— TASK DETAILS —
Exclude all pictures from your copy of the data below, which should otherwise match exactly.

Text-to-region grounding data
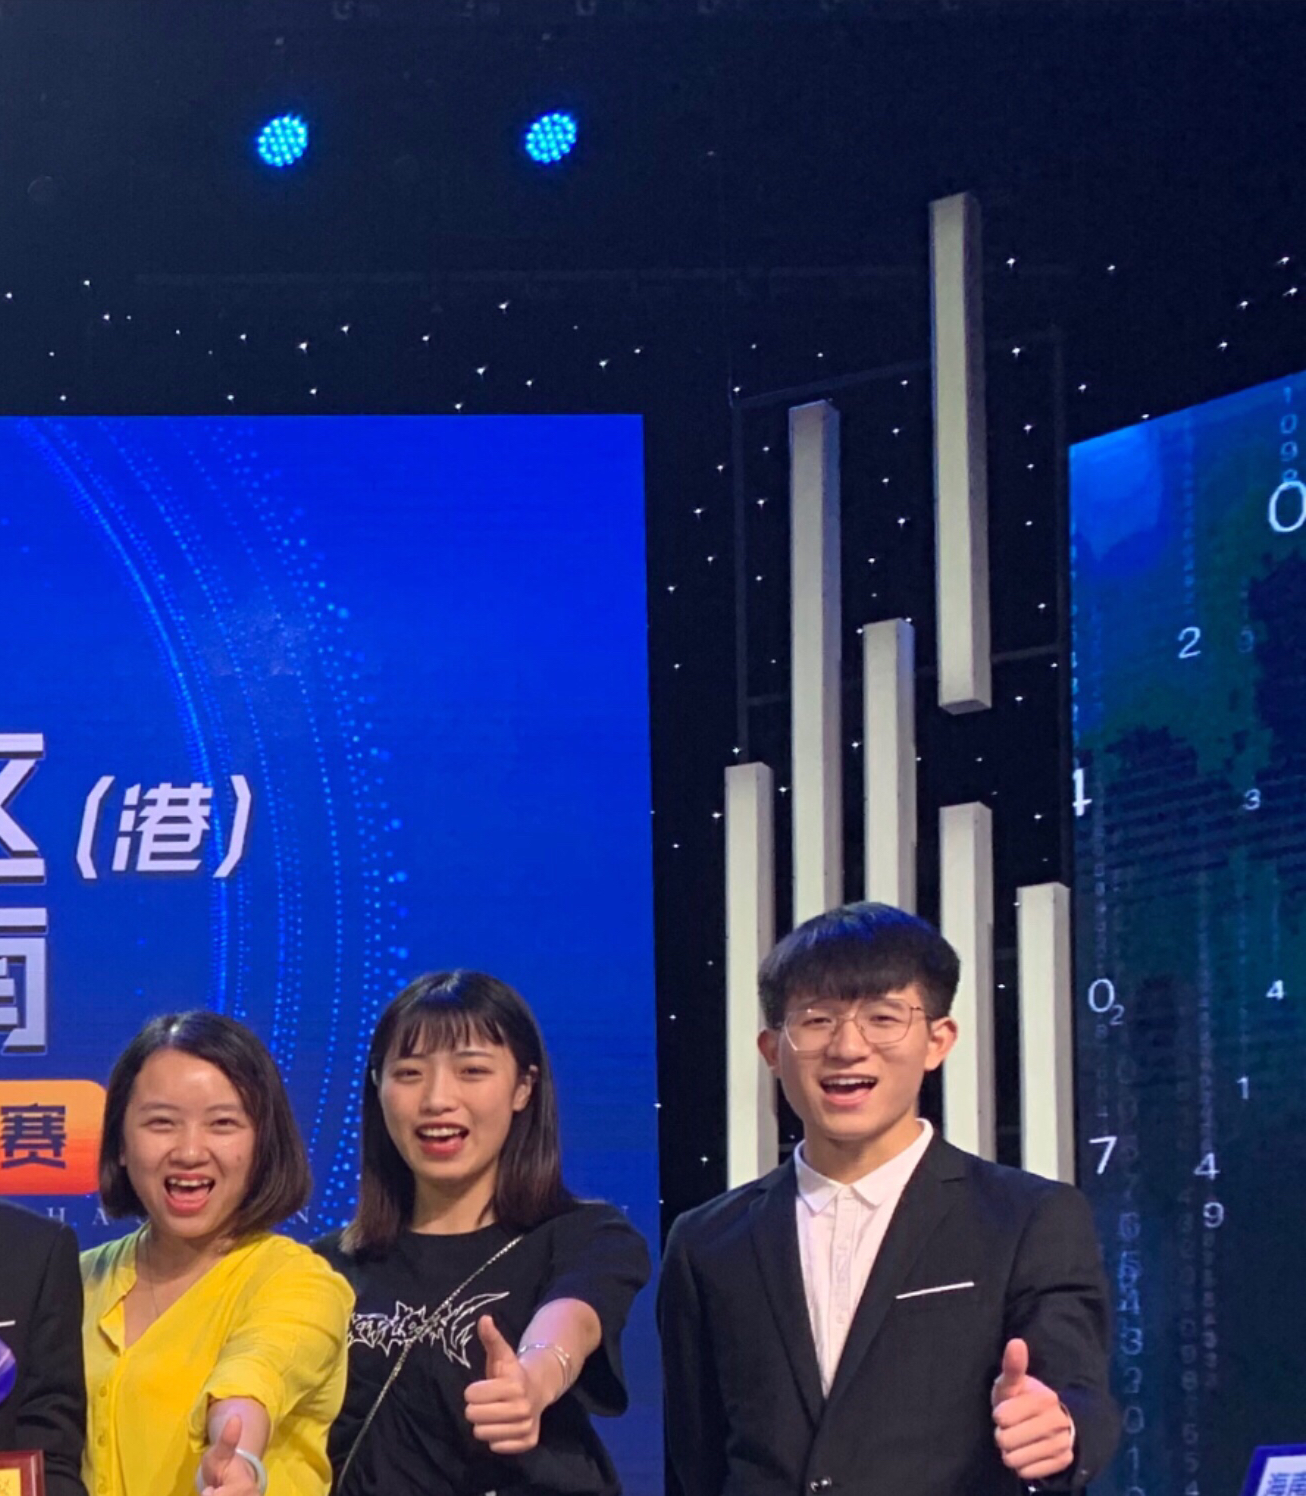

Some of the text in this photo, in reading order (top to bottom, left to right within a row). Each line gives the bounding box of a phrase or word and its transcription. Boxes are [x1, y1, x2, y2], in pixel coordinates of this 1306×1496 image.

[1178, 627, 1201, 658] 2
[1089, 978, 1115, 1013] 0
[1266, 980, 1285, 1000] 4
[1089, 1136, 1117, 1175] 7
[1195, 1152, 1220, 1180] 4
[1203, 1202, 1225, 1228] 9
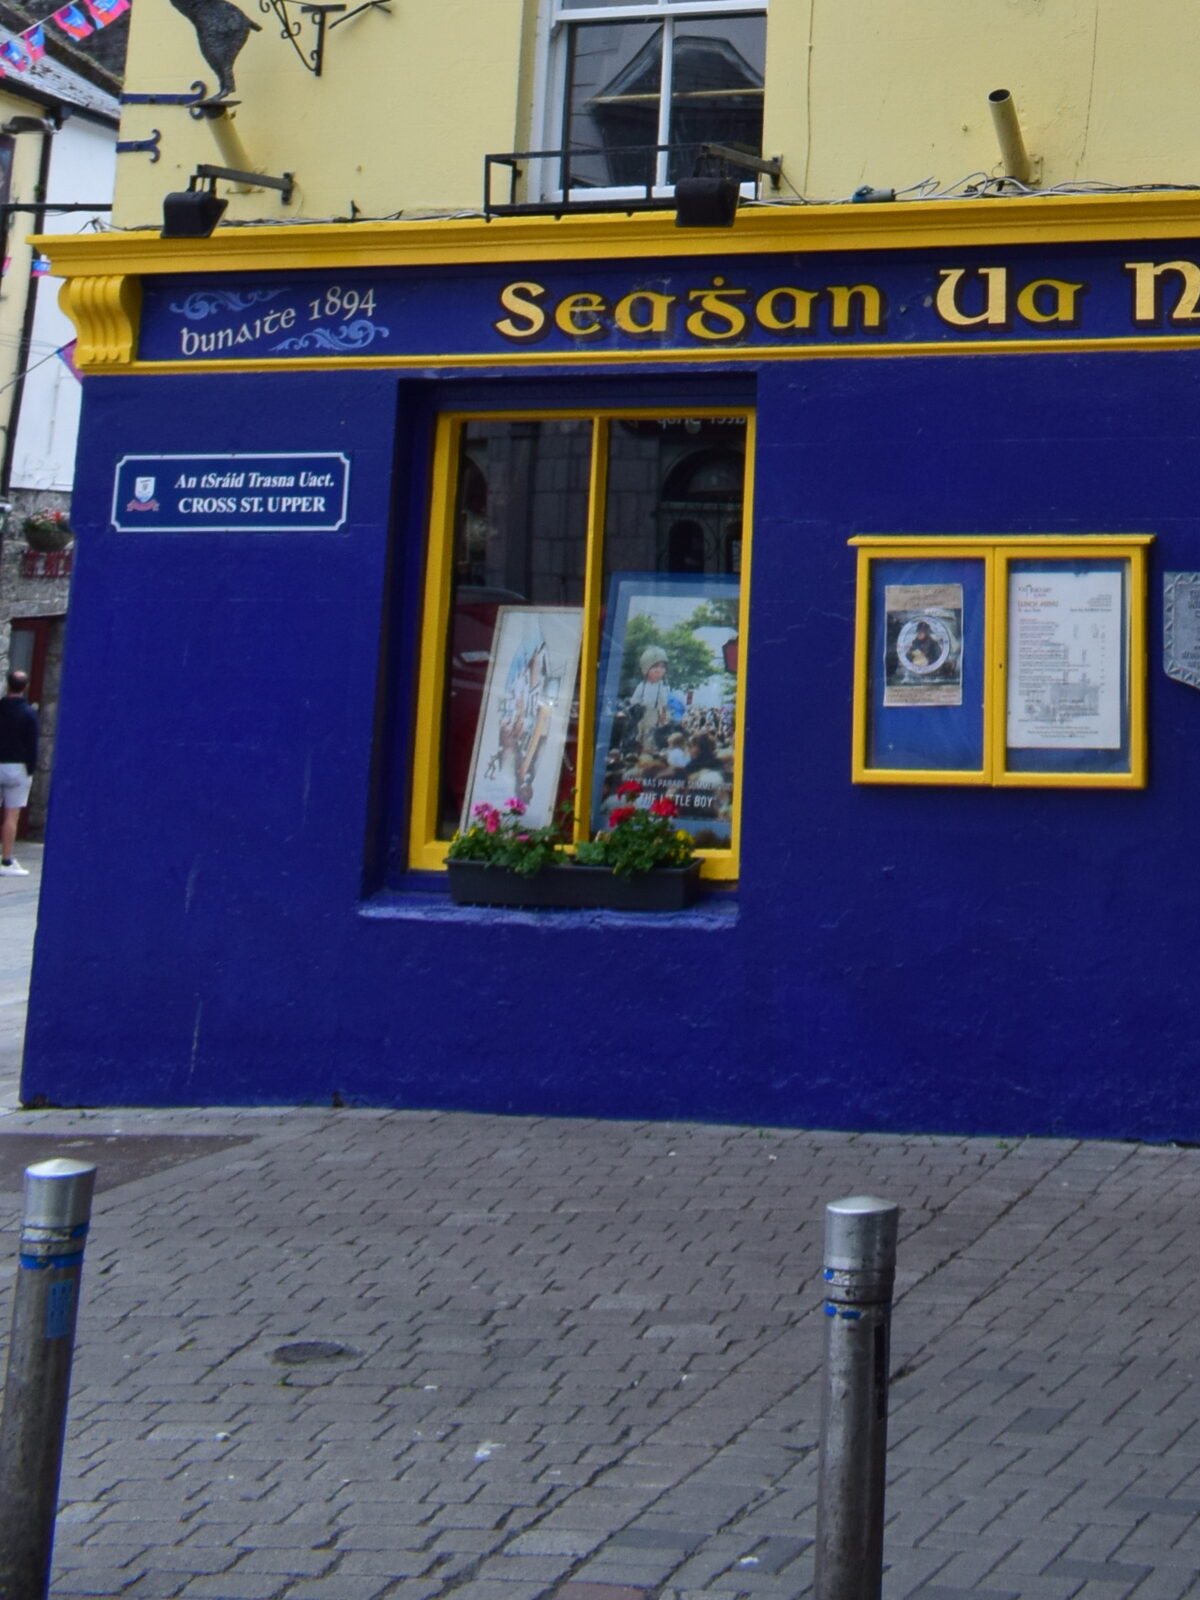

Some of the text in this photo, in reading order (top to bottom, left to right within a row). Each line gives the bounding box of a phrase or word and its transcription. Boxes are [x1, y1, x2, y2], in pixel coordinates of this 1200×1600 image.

[308, 286, 377, 322] 1894
[936, 267, 1083, 326] Ua
[175, 471, 335, 489] An tSráid Trasna Uact.
[178, 496, 326, 514] CROSS ST. UPPER
[693, 794, 713, 808] BOY
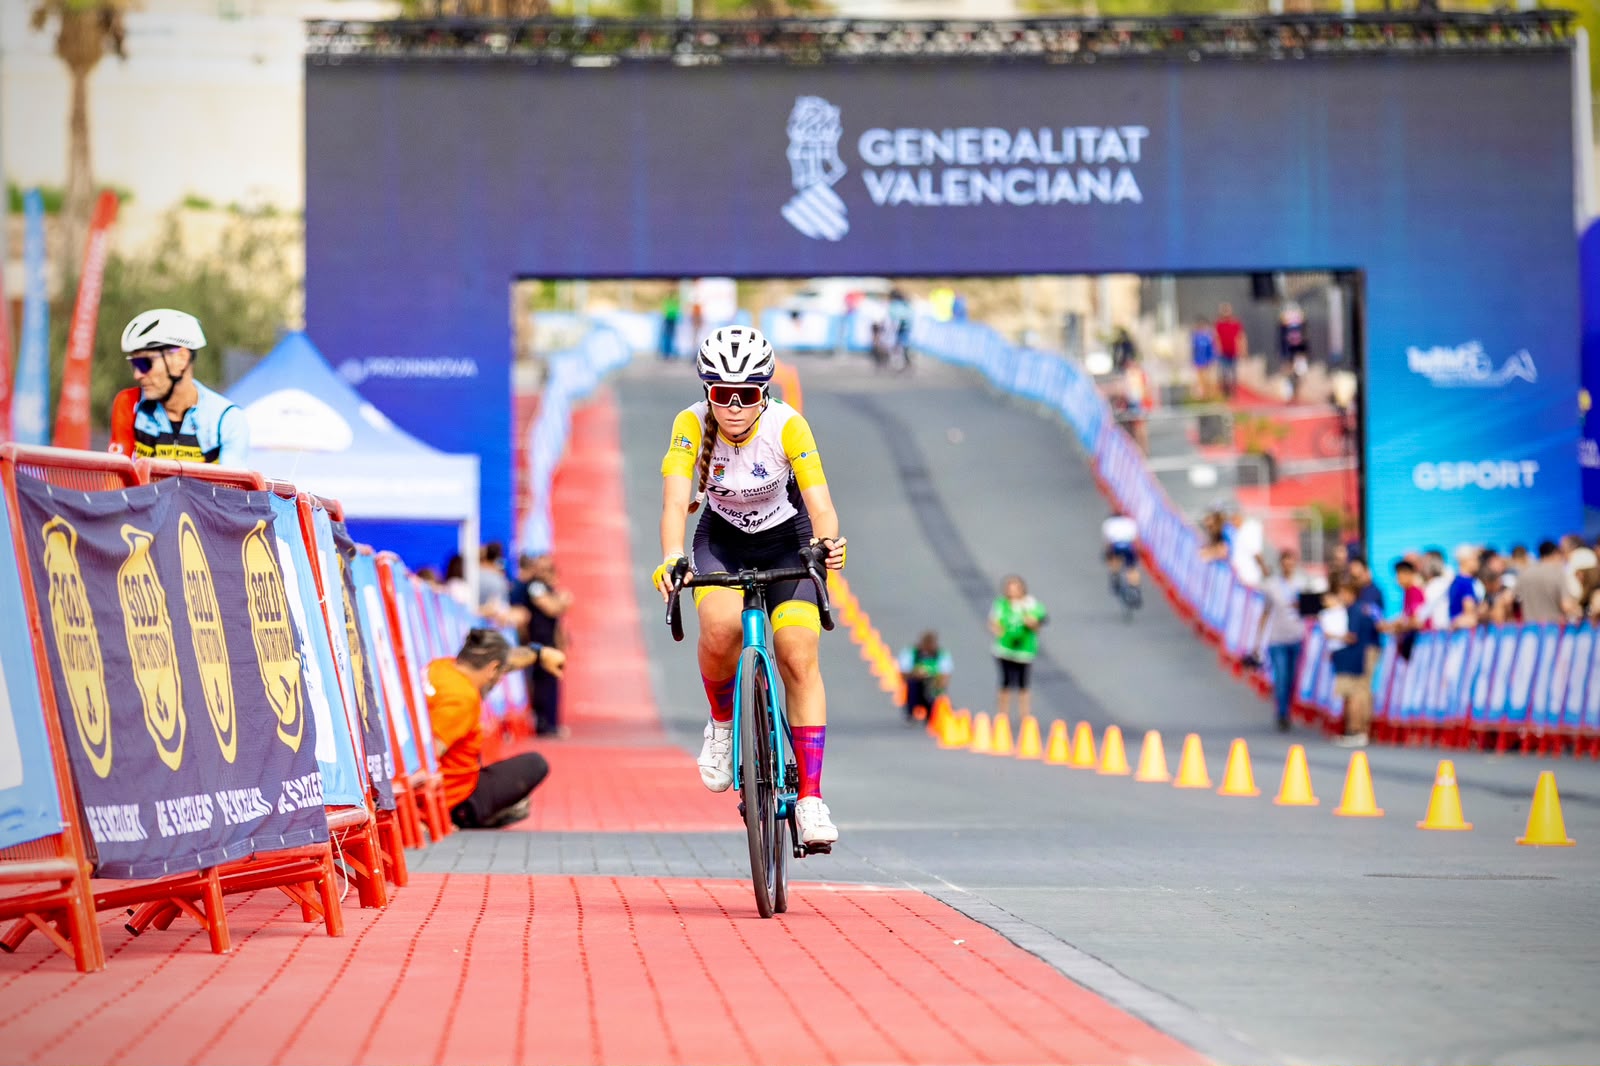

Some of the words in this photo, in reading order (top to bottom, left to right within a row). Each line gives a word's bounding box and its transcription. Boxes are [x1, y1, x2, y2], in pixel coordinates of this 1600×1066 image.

[858, 126, 1150, 166] GENERALITAT
[862, 167, 1143, 206] VALENCIANA
[741, 479, 780, 494] HYUNDAI
[1412, 459, 1540, 491] GSPORT
[124, 573, 159, 628] GOLD
[186, 569, 214, 622] GOLD
[251, 571, 282, 622] GOLD

— EXPECTED OUTPUT —
Some of the text in this photo, in reading order (top to bottom, left to right within a row). Each line gives the bounding box of a phrase or word and its transcription. Boxes are [x1, y1, x2, y2], in pixel coordinates of this 1306×1496 image.

[1178, 627, 1201, 658] 2
[1089, 978, 1115, 1013] 0
[1266, 980, 1285, 1000] 4
[1089, 1136, 1117, 1175] 7
[1195, 1152, 1220, 1180] 4
[1203, 1202, 1225, 1228] 9

Some of the text in this photo, in reading order (top to bottom, left to right within a row). Each line gives the bounding box of a phrase or word and its transcription. Boxes are [x1, y1, x2, y2], in pixel coordinates of this 1200×1600 image.

[308, 286, 377, 322] 1894
[936, 267, 1083, 326] Ua
[175, 471, 335, 489] An tSráid Trasna Uact.
[178, 496, 326, 514] CROSS ST. UPPER
[693, 794, 713, 808] BOY

Some of the words in this photo, in reading order (top to bottom, left to right within a row). Each line gives a word's bounding box and its transcription. Boxes are [x1, y1, x2, y2], in pixel coordinates of this 1600×1066 image.

[858, 126, 1150, 166] GENERALITAT
[862, 167, 1143, 206] VALENCIANA
[741, 479, 780, 494] HYUNDAI
[1412, 459, 1540, 491] GSPORT
[124, 573, 159, 628] GOLD
[186, 569, 214, 622] GOLD
[251, 571, 282, 622] GOLD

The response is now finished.